Background and Objectives: With the growing recreational cannabis use and recent reports linking it to hypertension, we sought to determine the risk of hypertensive crisis (HC) hospitalizations and major adverse cardiac and cerebrovascular events (MACCE) in young adults with cannabis use disorder (CUD+). Material and Methods: Young adult hospitalizations (18–44 years) with HC and CUD+ were identified from National Inpatient Sample (October 2015–December 2017). Primary outcomes included prevalence and odds of HC with CUD. Co-primary (in-hospital MACCE) and secondary outcomes (resource utilization) were compared between propensity-matched CUD+ and CUD- cohorts in HC admissions. Results: Young CUD+ had higher prevalence of HC (0.7%, n = 4675) than CUD- (0.5%, n = 92,755), with higher odds when adjusted for patient/hospital-characteristics, comorbidities, alcohol and tobacco use disorder, cocaine and stimulant use (aOR 1.15, 95%CI:1.06–1.24, p = 0.001). CUD+ had significantly increased adjusted odds of HC (for sociodemographic, hospital-level characteristics, comorbidities, tobacco use disorder, and alcohol abuse) (aOR 1.17, 95%CI:1.01–1.36, p = 0.034) among young with benign hypertension, but failed to reach significance when additionally adjusted for cocaine/stimulant use (aOR 1.12, p = 0.154).
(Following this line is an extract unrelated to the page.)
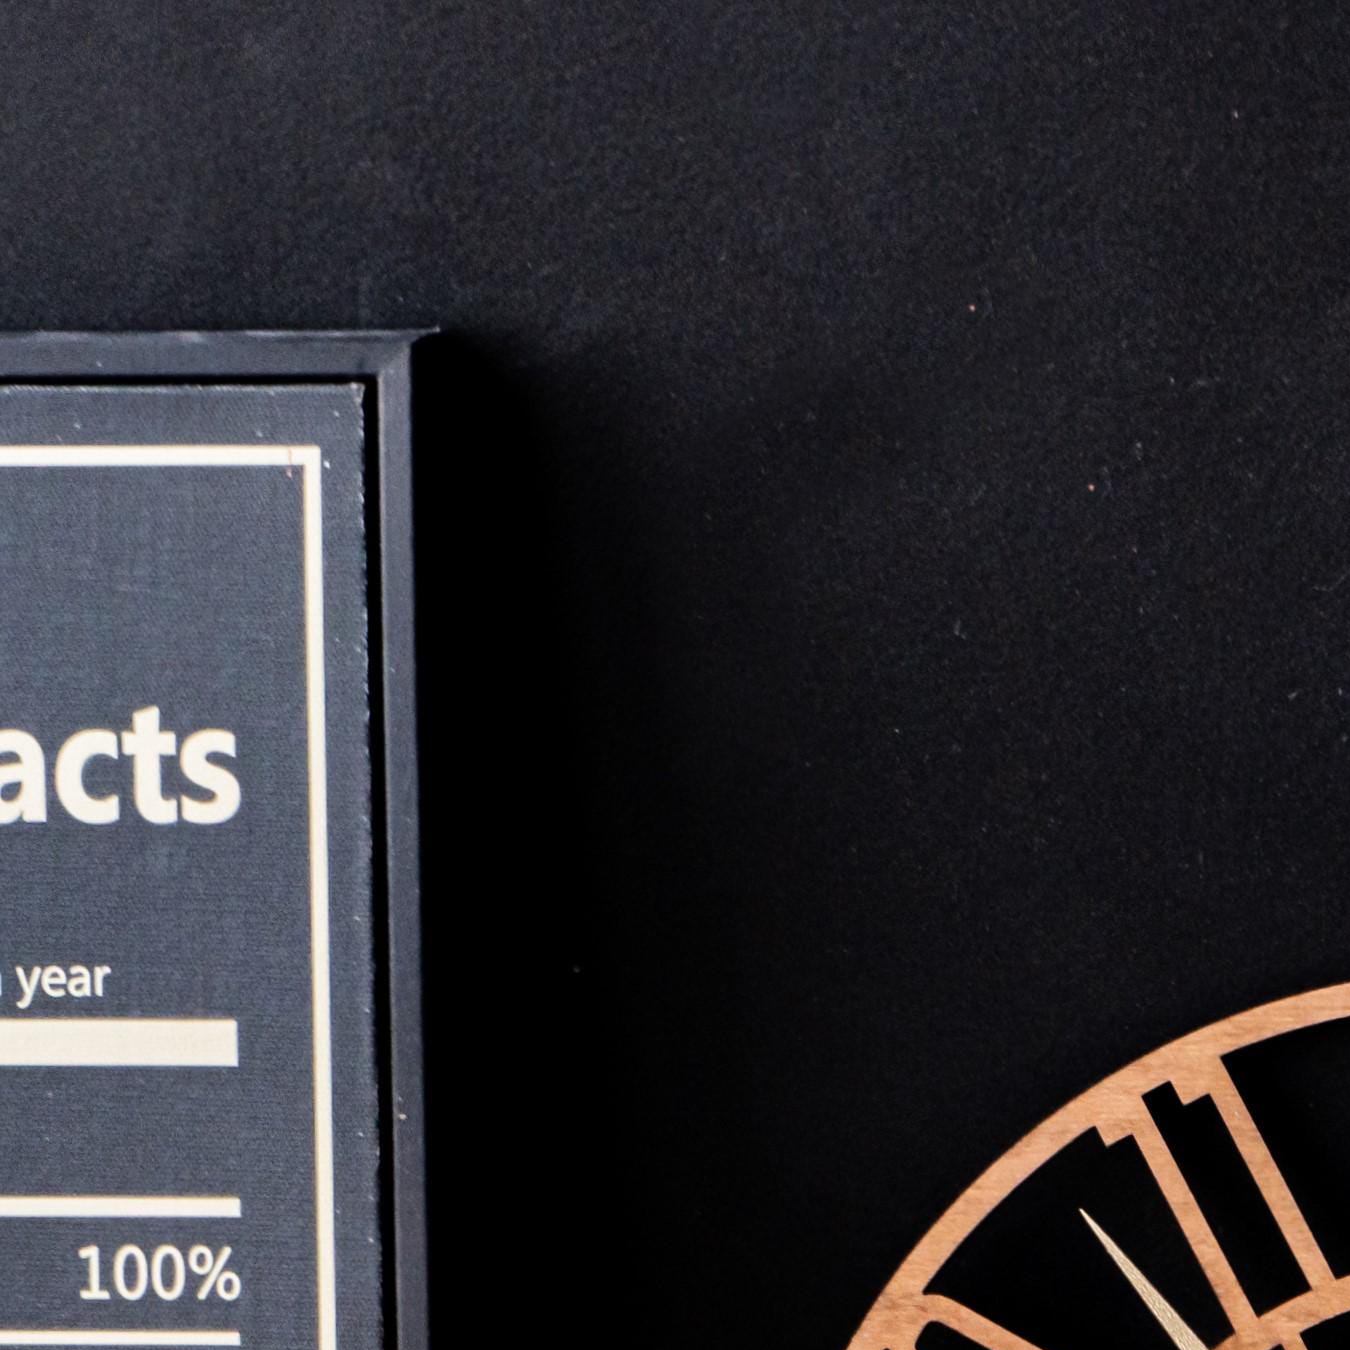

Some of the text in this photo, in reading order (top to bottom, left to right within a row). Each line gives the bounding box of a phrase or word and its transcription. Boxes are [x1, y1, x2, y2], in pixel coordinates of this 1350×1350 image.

Propensity-matched CUD+ cohort (n = 4440, median age 36 years, 64.2% male, 64.4% blacks) showed higher rates of substance abuse, depression, psychosis, previous myocardial infarction, valvular heart disease, chronic pulmonary disease, pulmonary circulation disease, and liver disease. CUD+ had higher odds of all-cause mortality (aOR 5.74, 95%CI:2.55–12.91, p < 0.001), arrhythmia (aOR 1.73, 95%CI:1.38–2.17, p < 0.001) and stroke (aOR 1.46, 95%CI:1.02–2.10, p = 0.040). CUD+ cohort had fewer routine discharges with comparable in-hospital stay and cost. Conclusions: Young CUD+ cohort had higher rate and odds of HC admissions than CUD-, with prevalent disparities and higher subsequent risk of all-cause mortality, arrhythmia and stroke.